EXERCISE DIRECTIONS: Copy the data that follows exactly, and include none of its images.

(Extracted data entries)
⟨

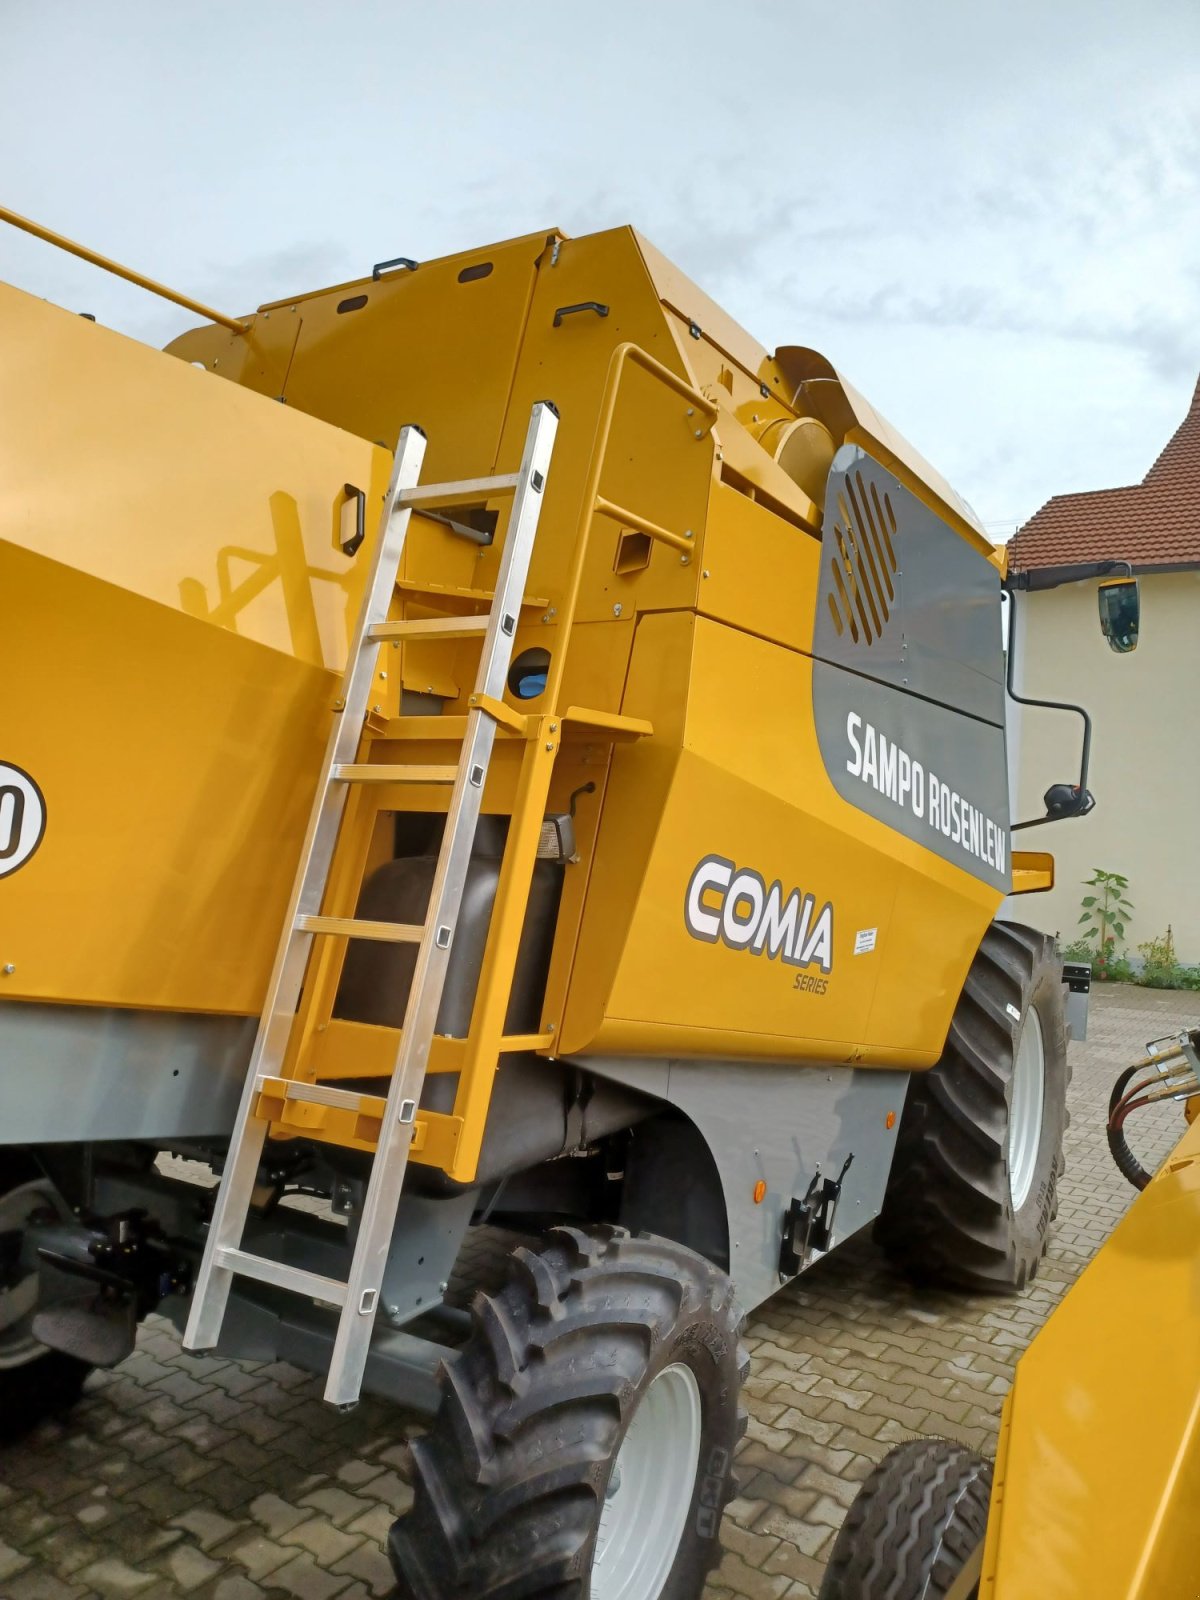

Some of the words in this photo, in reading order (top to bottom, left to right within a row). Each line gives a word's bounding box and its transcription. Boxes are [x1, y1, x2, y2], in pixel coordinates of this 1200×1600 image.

[846, 711, 924, 818] SAMPO
[929, 772, 1006, 875] ROSENLEW
[685, 854, 833, 974] COMIA
[792, 973, 829, 995] SERIES
[696, 1447, 728, 1539] BKT
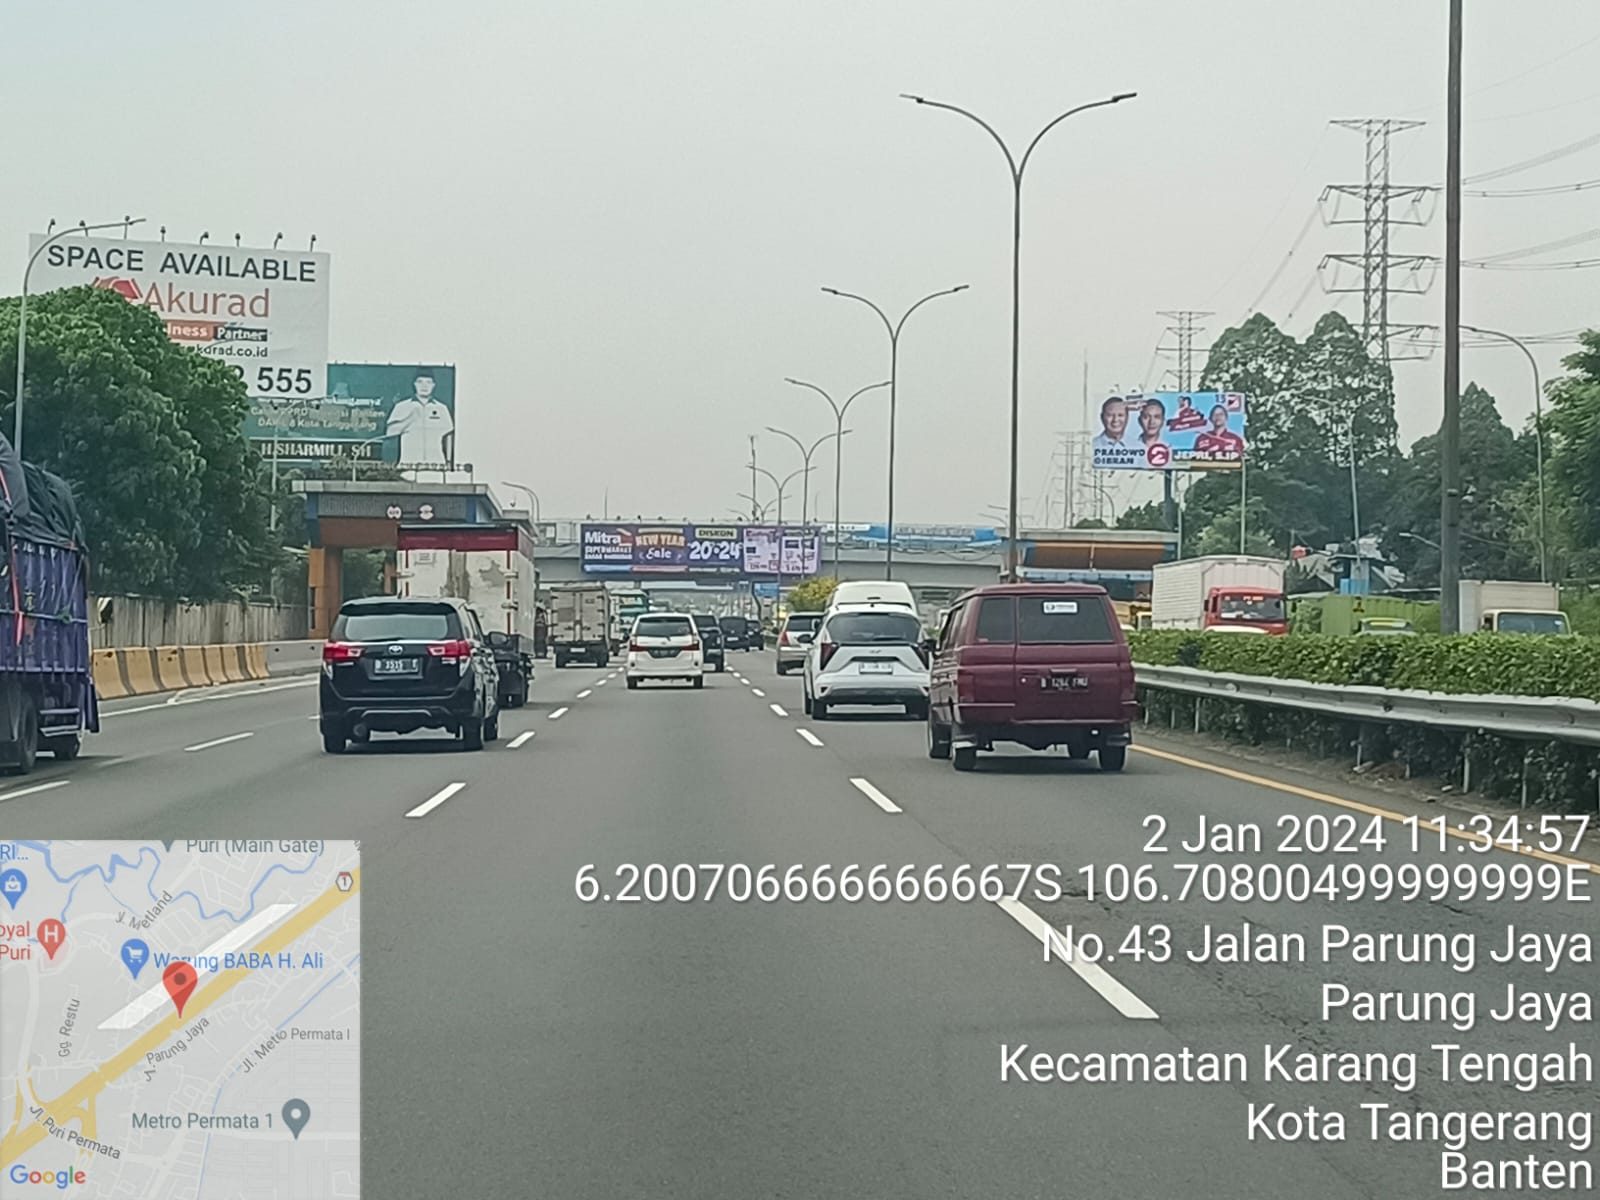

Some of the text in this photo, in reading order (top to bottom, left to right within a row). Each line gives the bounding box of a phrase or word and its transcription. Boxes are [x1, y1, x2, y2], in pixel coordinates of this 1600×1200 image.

[48, 245, 316, 283] SPACE AVAILABLE
[145, 282, 270, 318] Akurad
[165, 322, 208, 338] iness
[257, 366, 313, 394] 555
[1094, 448, 1146, 457] PRABOWO
[1151, 446, 1167, 465] 2
[584, 531, 621, 545] Mitra

⟩

REPLY:
Some of the words in this photo, in reading order (top to bottom, left to right within a row). Each line gives a word's bounding box and its transcription. Boxes are [x1, y1, x2, y2], in pixel coordinates of this 1200×1600 image.

[846, 711, 924, 818] SAMPO
[929, 772, 1006, 875] ROSENLEW
[685, 854, 833, 974] COMIA
[792, 973, 829, 995] SERIES
[696, 1447, 728, 1539] BKT

Some of the text in this photo, in reading order (top to bottom, left to right within a row). Each line gives the bounding box of a phrase or word and its transcription. Boxes are [x1, y1, x2, y2], in pixel coordinates of this 1600×1200 image.

[48, 245, 316, 283] SPACE AVAILABLE
[145, 282, 270, 318] Akurad
[165, 322, 208, 338] iness
[257, 366, 313, 394] 555
[1094, 448, 1146, 457] PRABOWO
[1151, 446, 1167, 465] 2
[584, 531, 621, 545] Mitra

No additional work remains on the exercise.